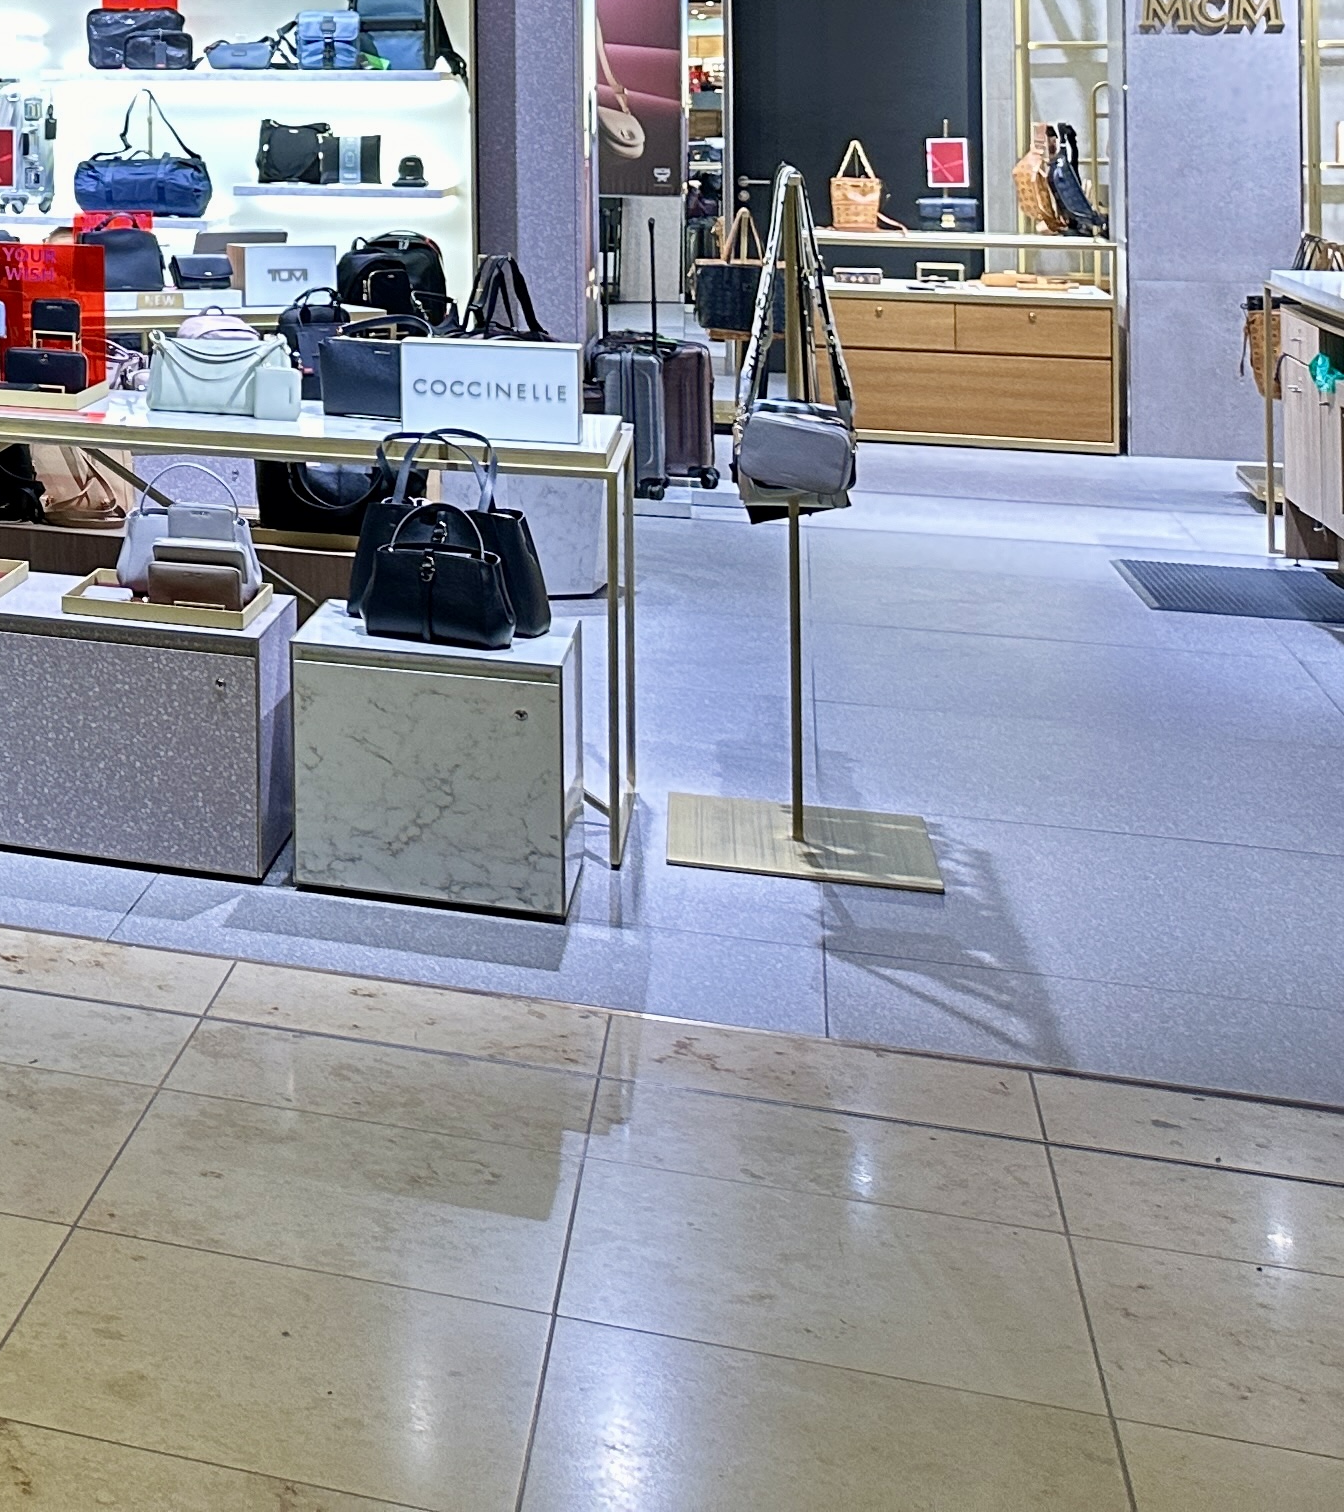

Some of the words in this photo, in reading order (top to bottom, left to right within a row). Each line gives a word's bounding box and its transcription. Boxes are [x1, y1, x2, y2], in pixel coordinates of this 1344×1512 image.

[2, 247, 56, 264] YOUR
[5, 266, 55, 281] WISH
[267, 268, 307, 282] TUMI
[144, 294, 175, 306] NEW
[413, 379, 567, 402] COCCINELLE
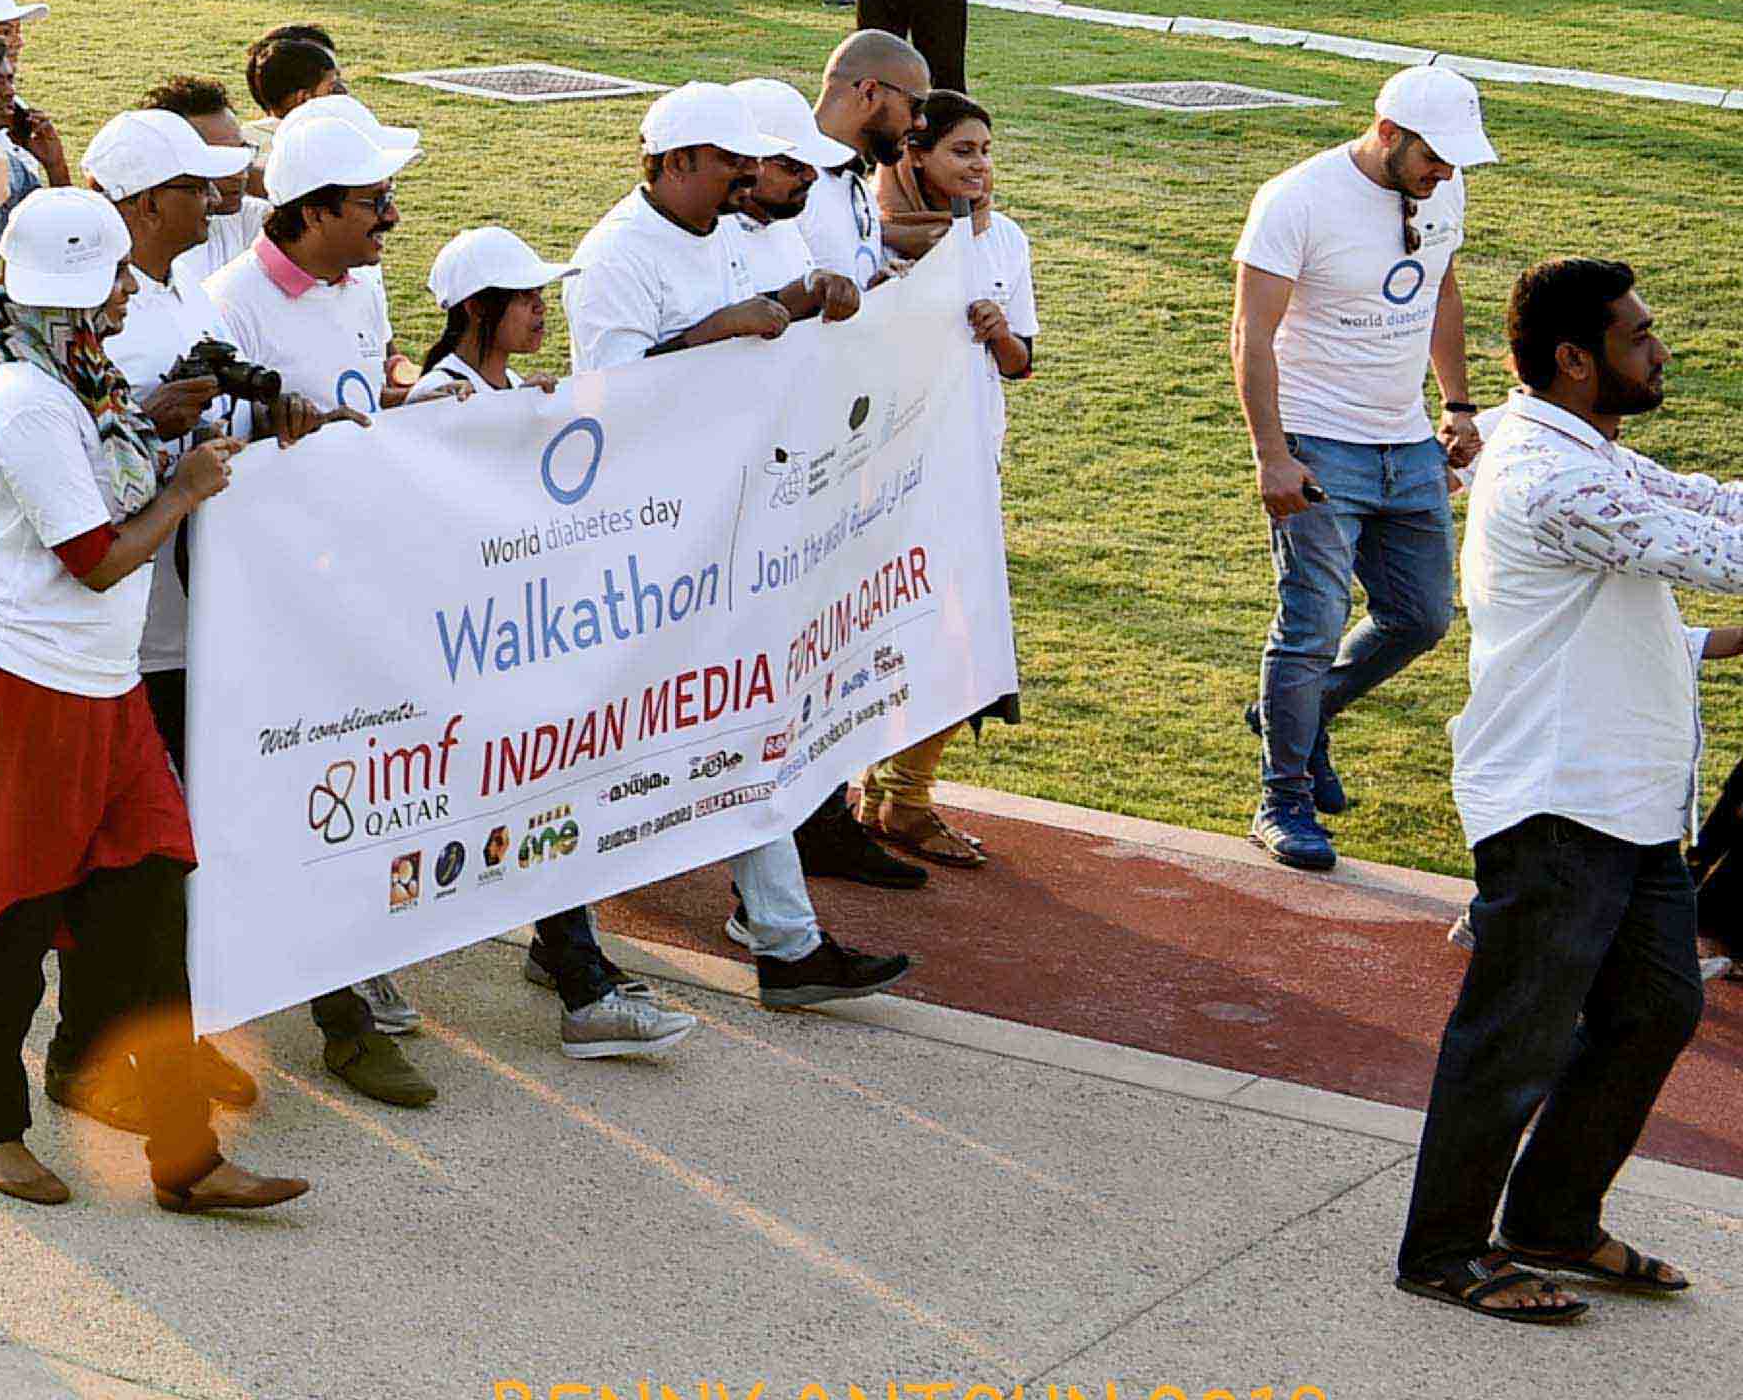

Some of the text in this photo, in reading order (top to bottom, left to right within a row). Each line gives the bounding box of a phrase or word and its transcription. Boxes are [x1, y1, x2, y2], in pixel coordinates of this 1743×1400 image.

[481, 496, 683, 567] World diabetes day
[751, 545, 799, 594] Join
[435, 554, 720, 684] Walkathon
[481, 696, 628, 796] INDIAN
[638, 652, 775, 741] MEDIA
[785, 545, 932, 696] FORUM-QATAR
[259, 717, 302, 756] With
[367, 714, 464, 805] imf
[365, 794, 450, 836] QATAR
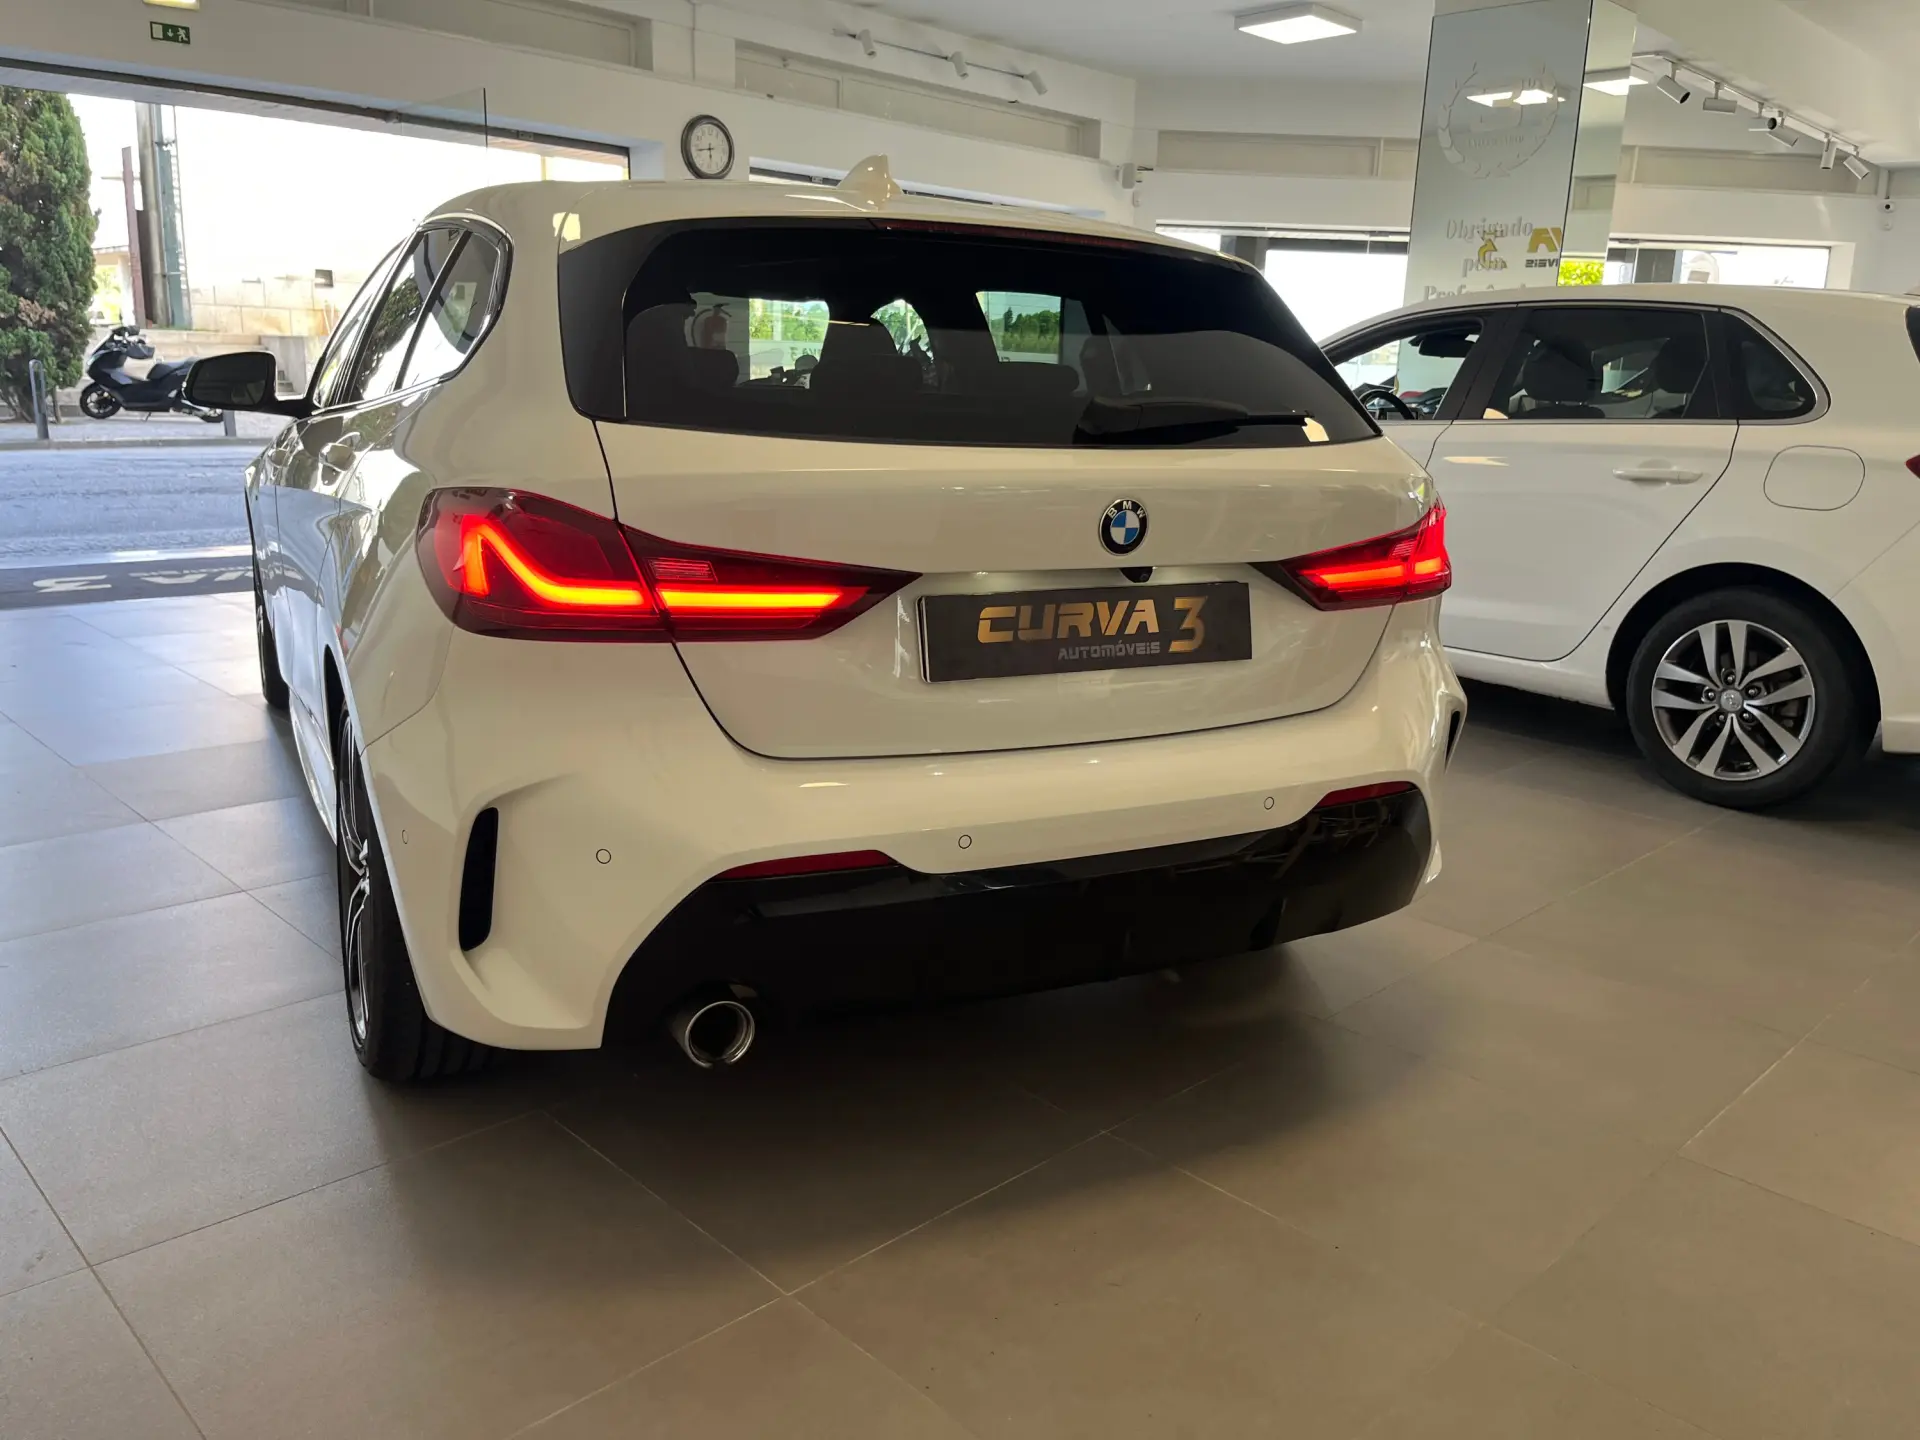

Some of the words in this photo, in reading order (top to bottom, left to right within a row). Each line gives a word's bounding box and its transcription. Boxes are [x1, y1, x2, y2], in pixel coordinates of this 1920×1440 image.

§ EXERCISE AIM:
Once the pictures are dropped, set down everything else in the records exactly.

§ WRITTEN SOLUTION:
Some of the words in this photo, in reading order (top to bottom, left to right within a row). Each line gives a word's bounding box and its transcription. Boxes are [x1, y1, x2, y2], in pixel coordinates of this 1344×1512 image.

[2, 247, 56, 264] YOUR
[5, 266, 55, 281] WISH
[267, 268, 307, 282] TUMI
[144, 294, 175, 306] NEW
[413, 379, 567, 402] COCCINELLE

Some of the text in this photo, in reading order (top to bottom, left to right within a row). Each line gives the bounding box of a phrase or word and its transcription. Boxes are [x1, y1, x2, y2], in pixel coordinates of this 1743×1400 image.

[481, 496, 683, 567] World diabetes day
[751, 545, 799, 594] Join
[435, 554, 720, 684] Walkathon
[481, 696, 628, 796] INDIAN
[638, 652, 775, 741] MEDIA
[785, 545, 932, 696] FORUM-QATAR
[259, 717, 302, 756] With
[367, 714, 464, 805] imf
[365, 794, 450, 836] QATAR

Some of the words in this photo, in reading order (top to bottom, left to right within a row). Each line gives a word's bounding box and its transcription. Boxes are [x1, y1, x2, y2], in pixel coordinates of this 1920×1440 image.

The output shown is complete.